Desde hace días que mi universo está compuesto por voces. Los vecinos seguro tienen cuerpos, pero no los veo. Los niños gritan, ríen, cantan. Las madres los llaman a comer, hacen clases de salsa online. Pero si estuviesen poniendo una grabación, algo inventado por un escritor de comedias costumbristas medio pelo, yo no me daría cuenta. El señor de la farmacia podría haber sido una IA. Diciendo lo justo, manteniendo la distancia, haciendo todo lo más rápido posible.  

El pañuelo en la cabeza escondía ruleros. Mis abuelas hacían eso. Recuerdo a Elvira en la casa de la calle 22, con un pañuelo azul. Me dije es eso. Es el recuerdo de alguien de carne y hueso, de alguien amado.  

Pero después, cuando llegaba a casa, felicitándome por no haberme tocada la cara nunca, y veía en mi cabeza el lavatorio con el jabón antibacterial y el aire bien ventilado de mi casa como si fuesen la luz al final del túnel, me di cuenta de que la vieja, a diferencia de todos nosotros, era libre. Que le chupaba un huevo. Que no tenía miedo. Llevaba sus guantes, y su barbijo, y no estaba tan cerca de mí en realidad –sólo que estaba más cerca que la otra, que ni siquiera abrió la boca para decir hola. Había sido cuidadosa. Pero no estaba, como yo, aterrada por las bacterias que mataron a los marcianos de La guerra de los mundos.

Yo quería cumplir con las normas. Pero, más que nada, tenía miedo.

Los de la farmacia, la señora del edificio, Wilson y su mujer, y yo, sobre todo yo, incómoda con mi cuerpo, sintiendo que estaba invadiendo territorio enemigo en lugar de estar por las calles de mi barrio, comprando en los negocios de toda la vida, haciendo, en definitiva, lo que hago siempre, estábamos actuando como autómatas.

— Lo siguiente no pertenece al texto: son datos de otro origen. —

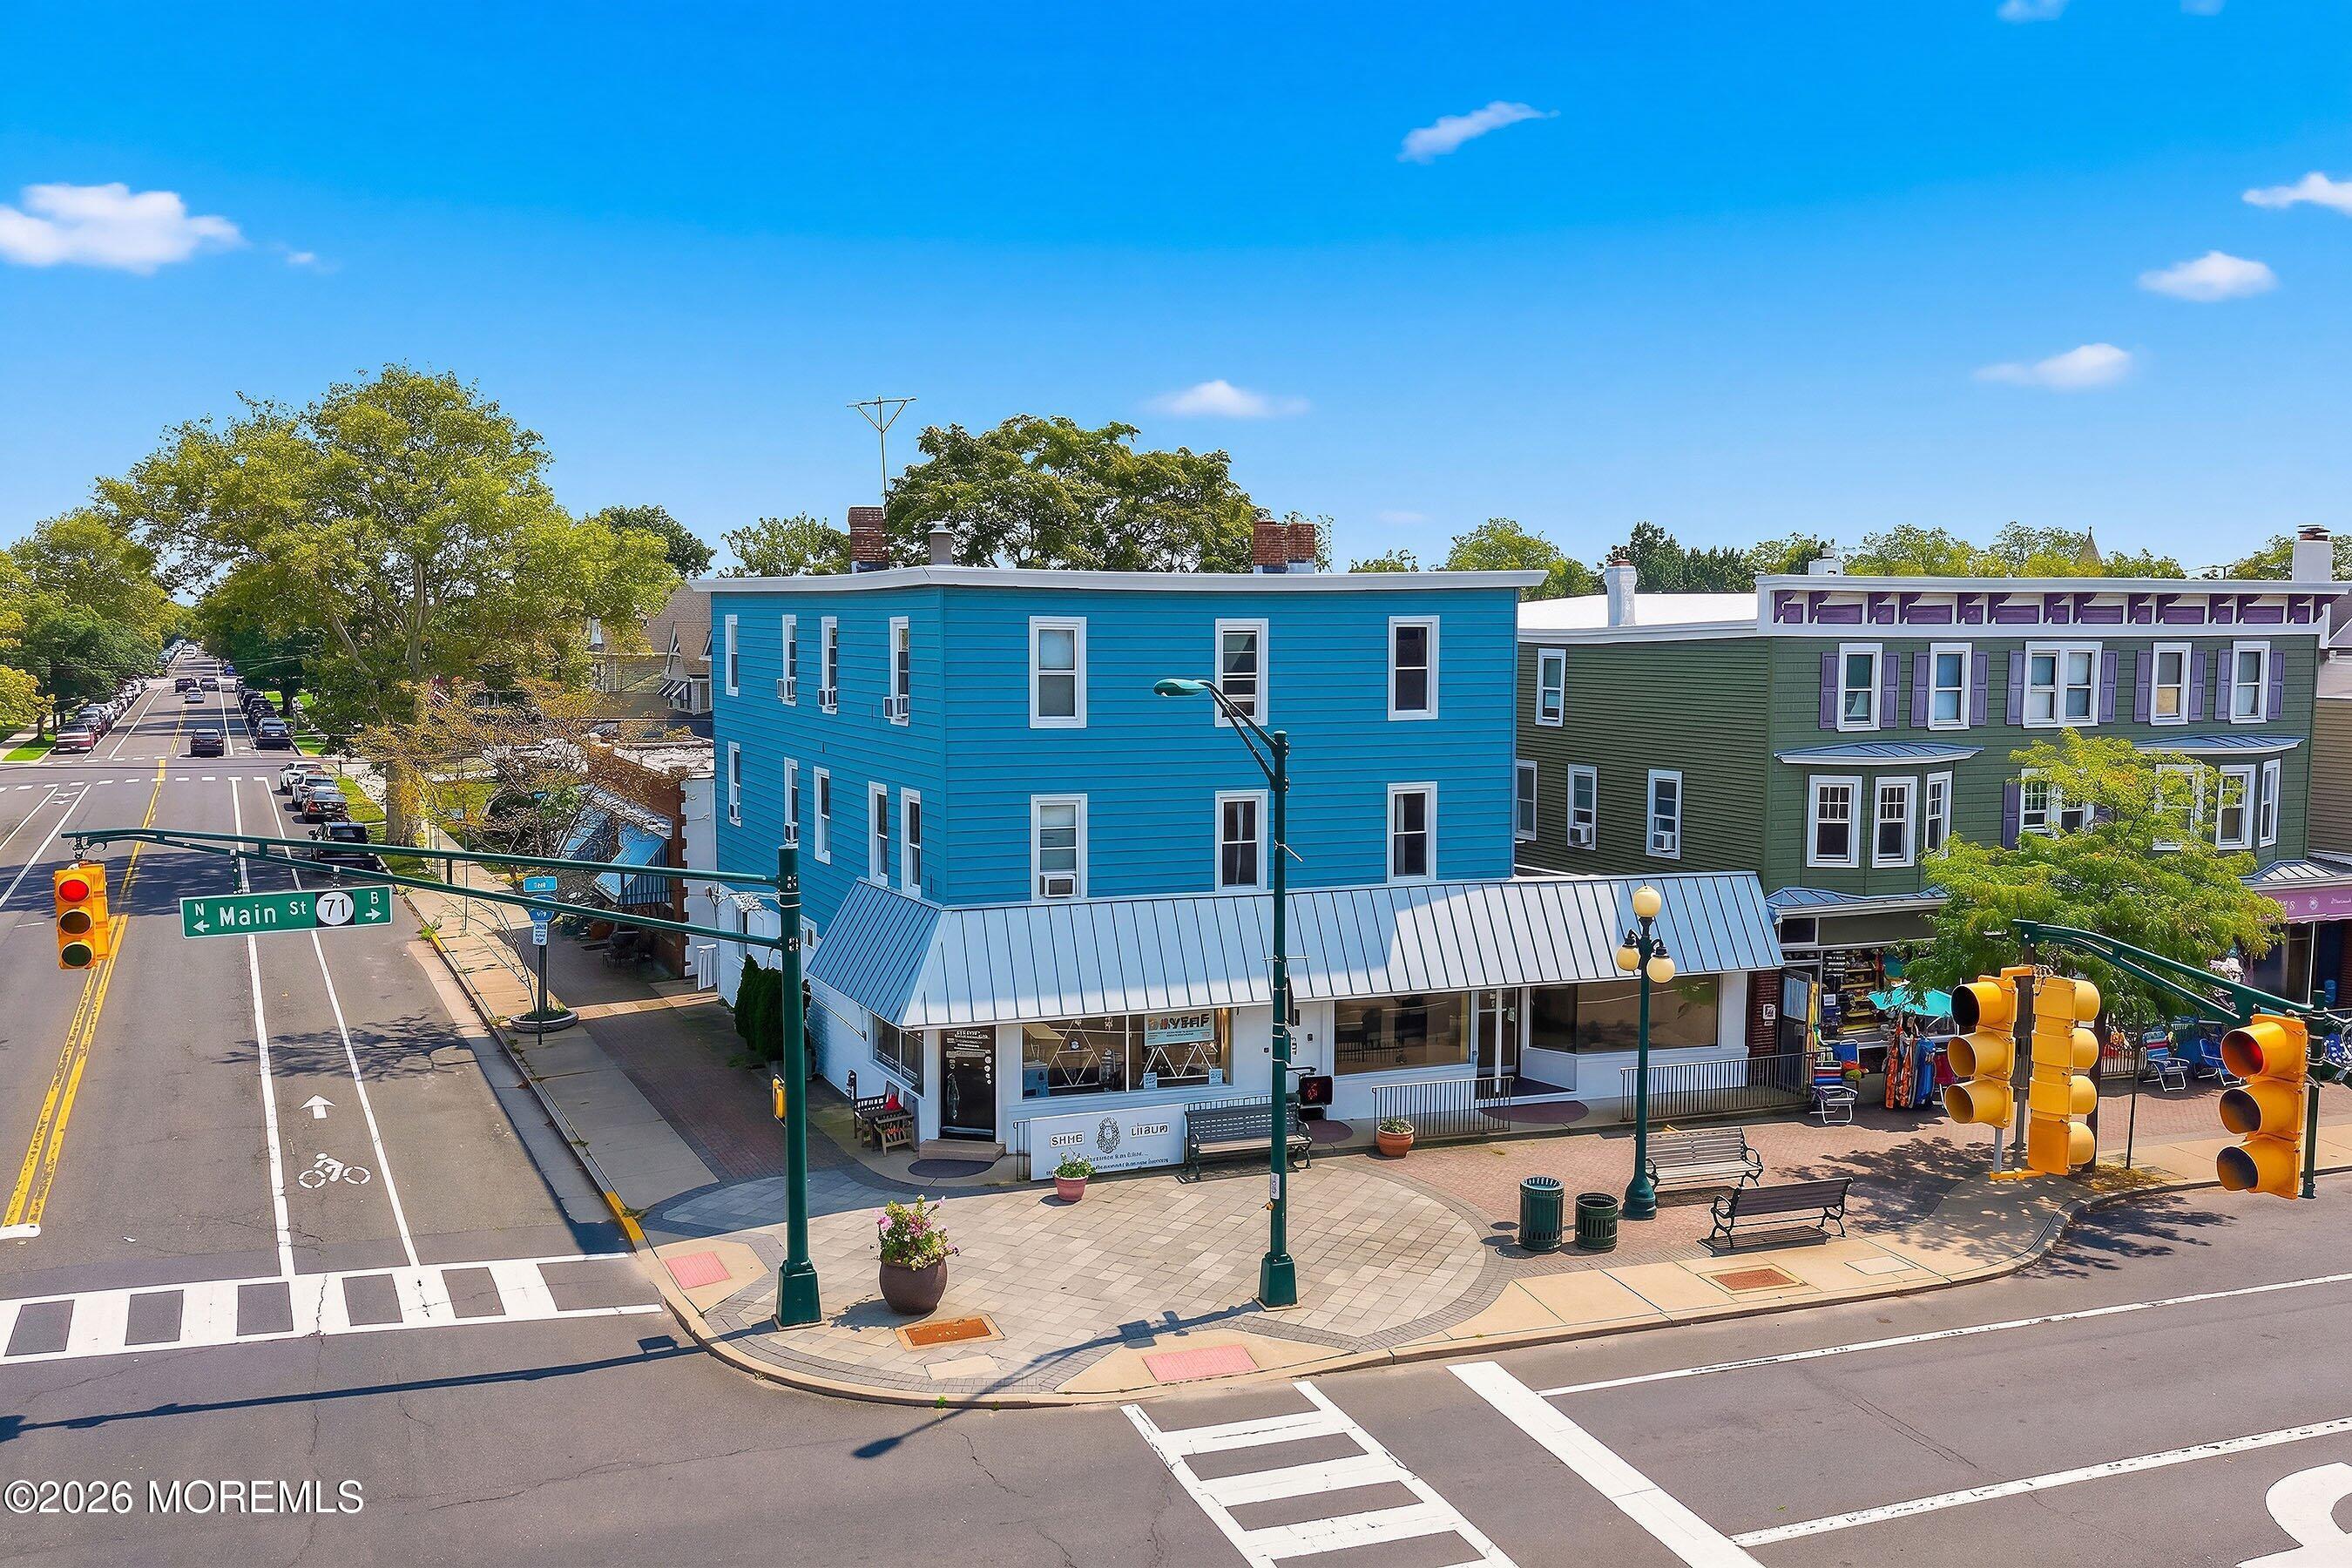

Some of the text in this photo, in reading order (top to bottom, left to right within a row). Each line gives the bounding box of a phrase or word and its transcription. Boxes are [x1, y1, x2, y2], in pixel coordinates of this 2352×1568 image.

[194, 891, 379, 927] N Main St 71 B

O éramos actores  a los que les habían dado papeles para una obra de teatro donde la historia no era verosímil, donde nada tenía sentido. Sabíamos las palabras, puede que incluso conociéramos las marcas. Pero no teníamos la menor idea de aquello de lo que trataba la obra. Por si acaso, lo hacíamos rápido, sin convicción.

Pensé que iba a mirar los crespones de colores de la calle de la verdulería. No los vi. No me di cuenta, en realidad, porque no creo que los hayan derribado a todos.

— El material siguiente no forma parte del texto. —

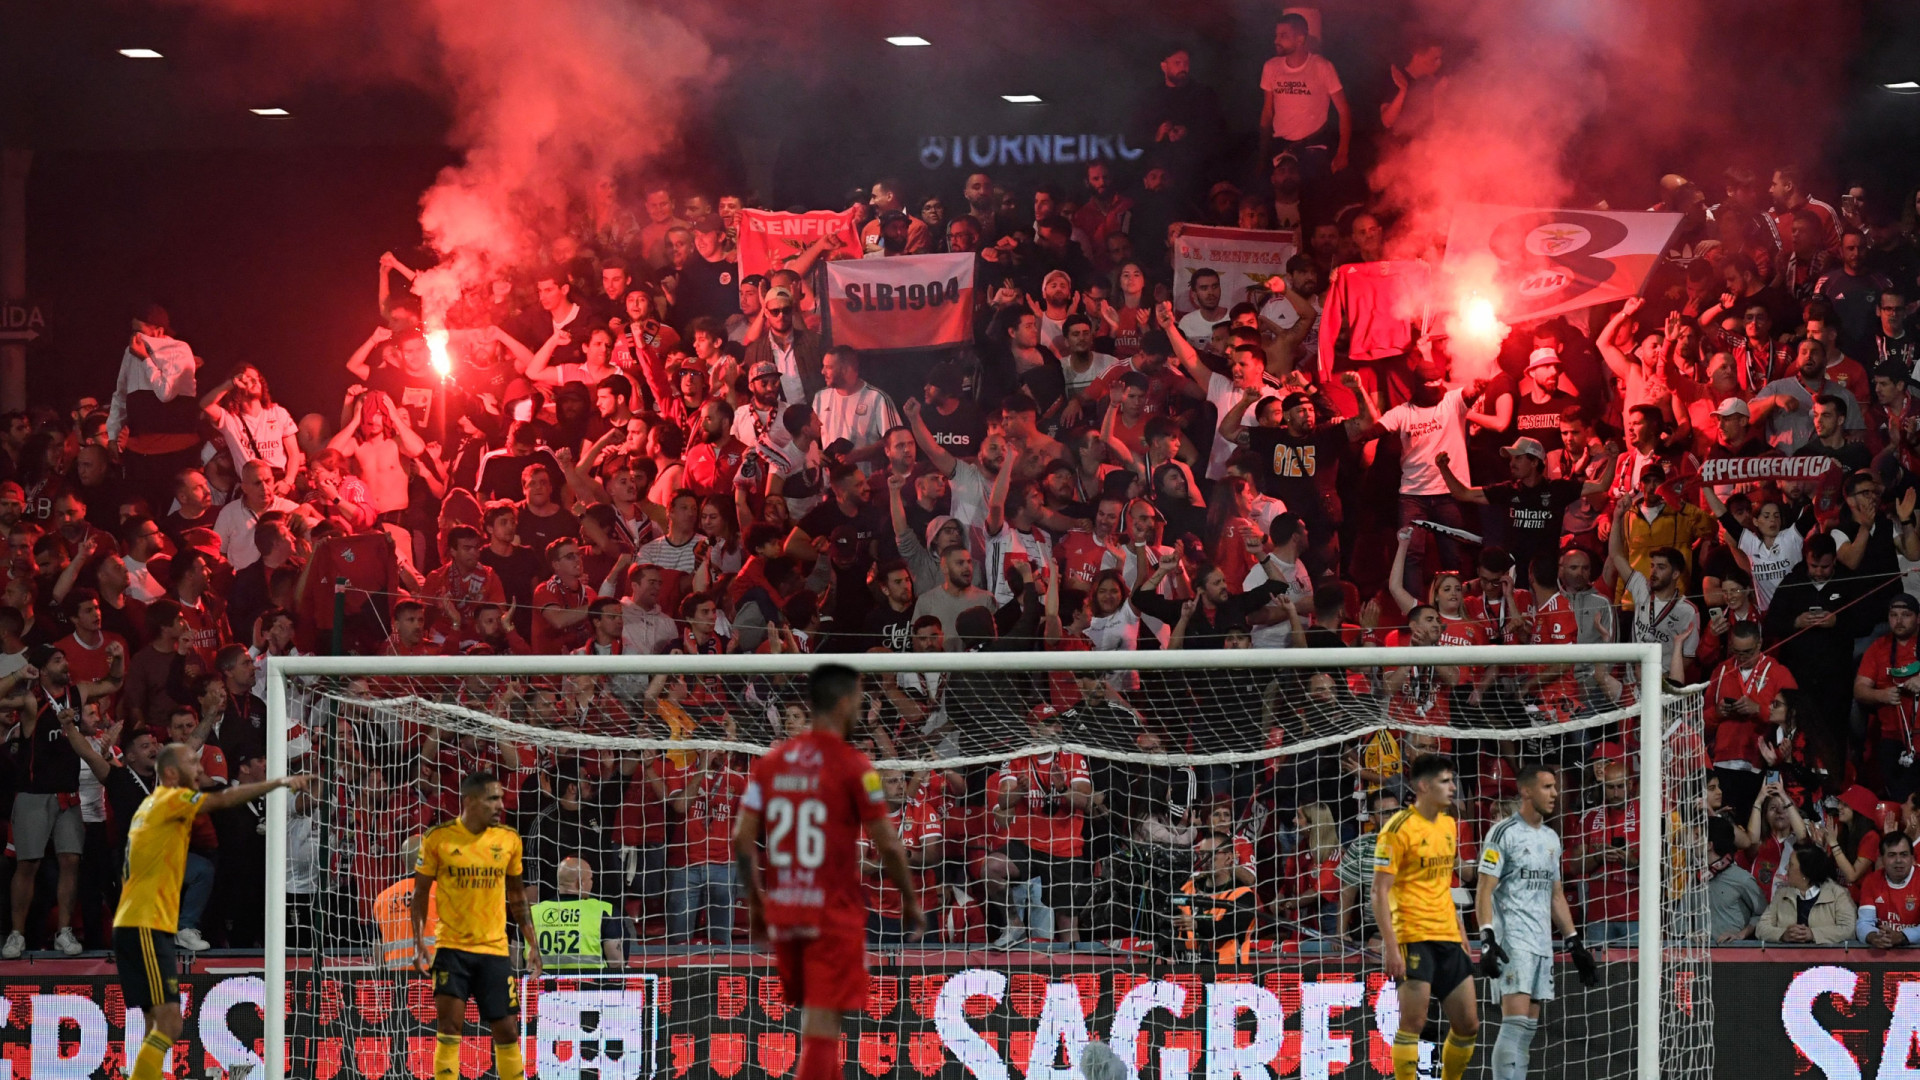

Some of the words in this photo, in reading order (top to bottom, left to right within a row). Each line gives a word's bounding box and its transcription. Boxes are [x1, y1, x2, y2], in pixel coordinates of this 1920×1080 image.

[844, 276, 960, 312] SLB1904
[933, 432, 970, 445] didas
[1273, 443, 1316, 477] 8125
[1701, 455, 1832, 481] #PELOBENFICA
[1509, 507, 1553, 519] Emirates
[1752, 558, 1791, 573] mirates
[766, 797, 827, 868] 26
[448, 864, 505, 877] Emirates
[540, 930, 580, 955] 052

Pensé que iba a conversar con alguien y sentir que el timbre de la voz me iba a sonar afortunadamente distinto del que suena por las pantallas. Pero no me interesaba hablar con nadie, porque hablar ralentiza la escena.

A la vieja, en cambio, le voy a recordar la voz, y su pañuelo, que no era azul como el de la abuela Elvira, sino gris y negro.